More MS news articles for Nov 2001

UK's House of Lords to hear woman's suicide appeal

LONDON, Nov 14 (Reuters Health) - A British woman who wants her husband to be immune from prosecution if he helps her commit suicide took her battle to the House of Lords on Wednesday.

Diane Pretty, 42, is paralysed from the neck down by advanced motor neurone disease that was diagnosed in 1999. Currently, her husband could face a jail term of up to 14 years if he helps her kill herself.

Motor neurone disease is an umbrella term for a group of progressive diseases involving weakness and wasting of muscles. The most common form is amyotrophic lateral sclerosis (ALS), also known as Lou Gehrig's disease. About 50% of people with ALS die within 3 years of the first symptoms although 10% live longer than 10 years.

In a test case that underscored Britain's long-standing legal block on euthanasia, three High Court judges earlier this month dismissed Pretty's case and denied her permission to appeal their ruling except to the House of Lords, which is the country's highest legal authority.

Lord Bingham, one of the four law lords who will hear the case, said, "We are conscious of the fact it raises issues with which the courts in this country have not had a previous occasion to deal."

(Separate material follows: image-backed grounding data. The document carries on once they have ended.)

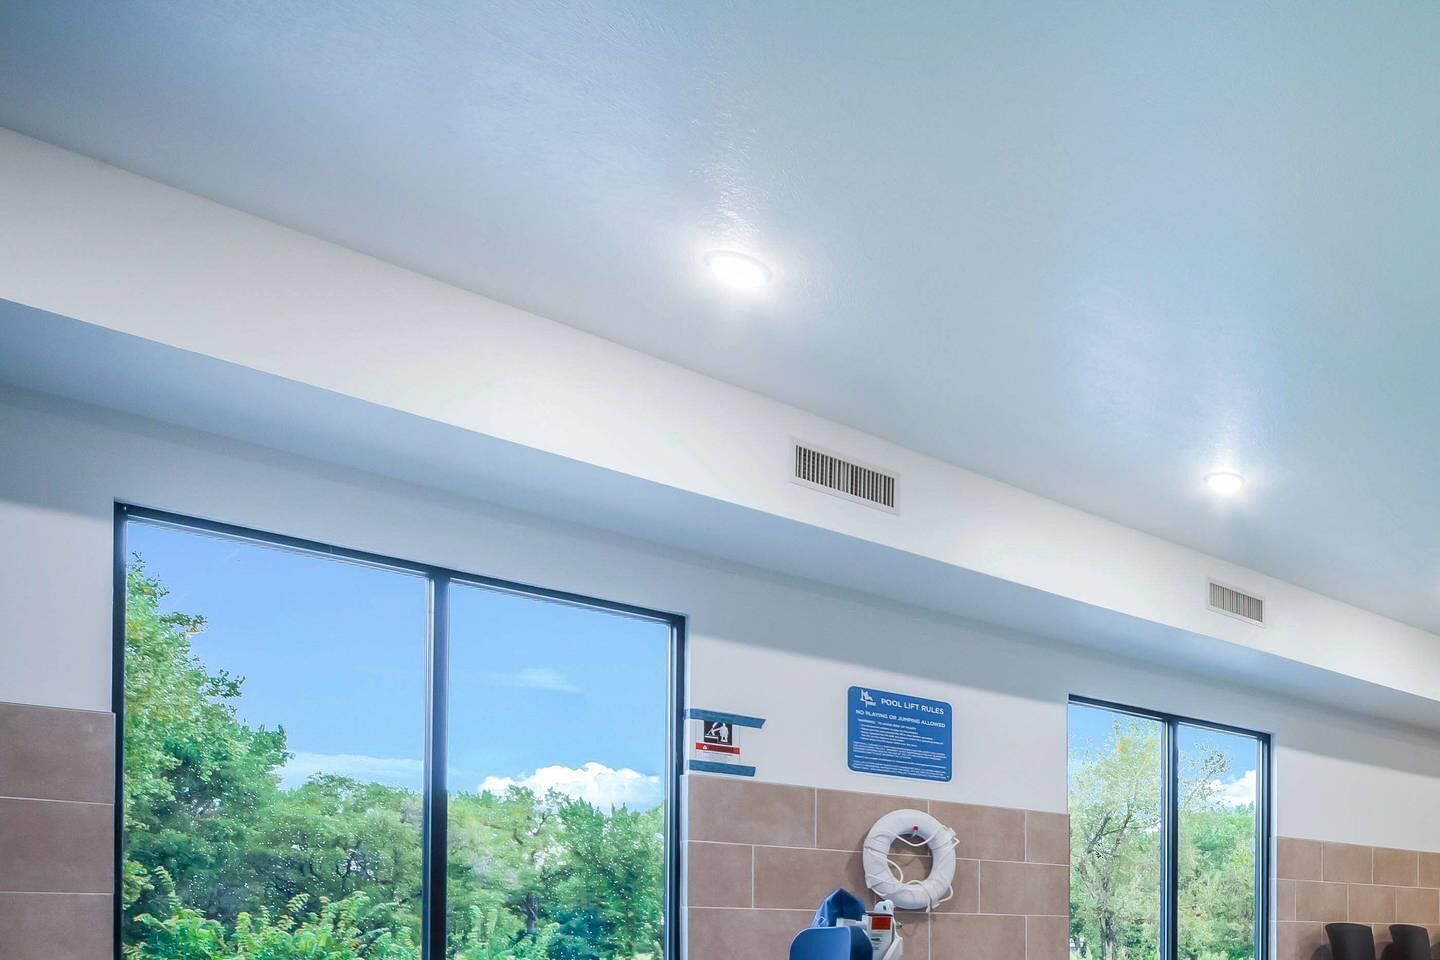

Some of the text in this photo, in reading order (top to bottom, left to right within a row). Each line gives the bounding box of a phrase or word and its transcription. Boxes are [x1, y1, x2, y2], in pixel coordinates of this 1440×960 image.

[881, 698, 945, 715] POOL LIFT RULES
[865, 710, 888, 719] PLAYING
[898, 716, 920, 724] JUMPING
[921, 719, 946, 728] ALLOWED
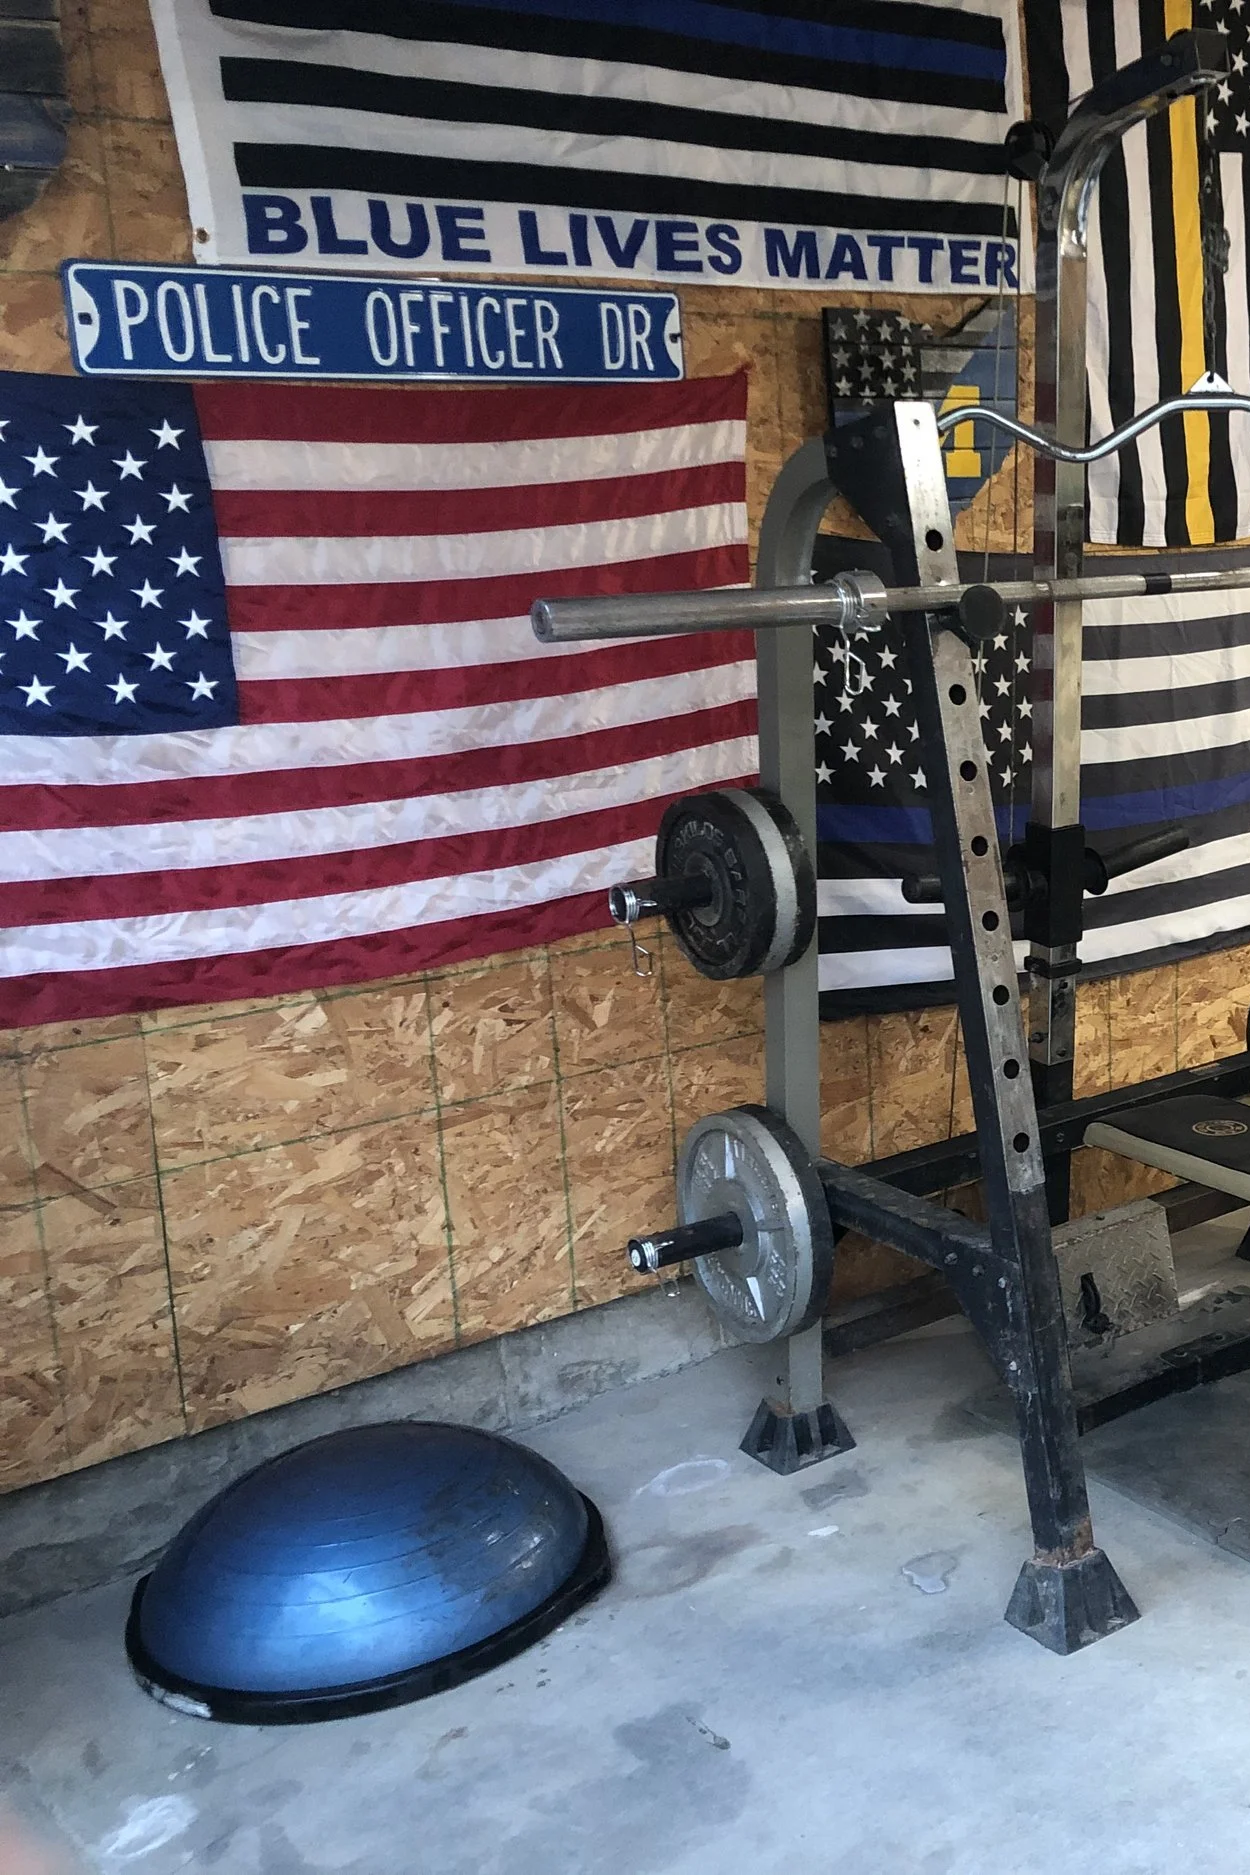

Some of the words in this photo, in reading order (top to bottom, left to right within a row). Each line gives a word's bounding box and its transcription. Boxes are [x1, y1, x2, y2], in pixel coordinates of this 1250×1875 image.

Legal experts said that, given the circumstances of the case and Pretty's declining health, a very speedy ruling was expected. If her appeal is successful it could end Britain's total ban on euthanasia.

The Netherlands became the first country to legalise euthanasia in April this year. Belgian senators last week voted in favor of a draft law setting conditions under which doctors could help patients die.

In the US, the state of Oregon has allowed physician-assisted suicide since 1997 and at least 70 people have killed themselves with lethal drugs since then. Oregon voters have approved the measure twice.

Pretty and her husband say the refusal to allow the assisted suicide infringes their human rights by subjecting her to degrading treatment and failing to respect her private life.

High Court judge Lord Justice Tuckey rejected the argument, saying the law gave greater priority to the right of life than the right of a person to do what he liked with his own body.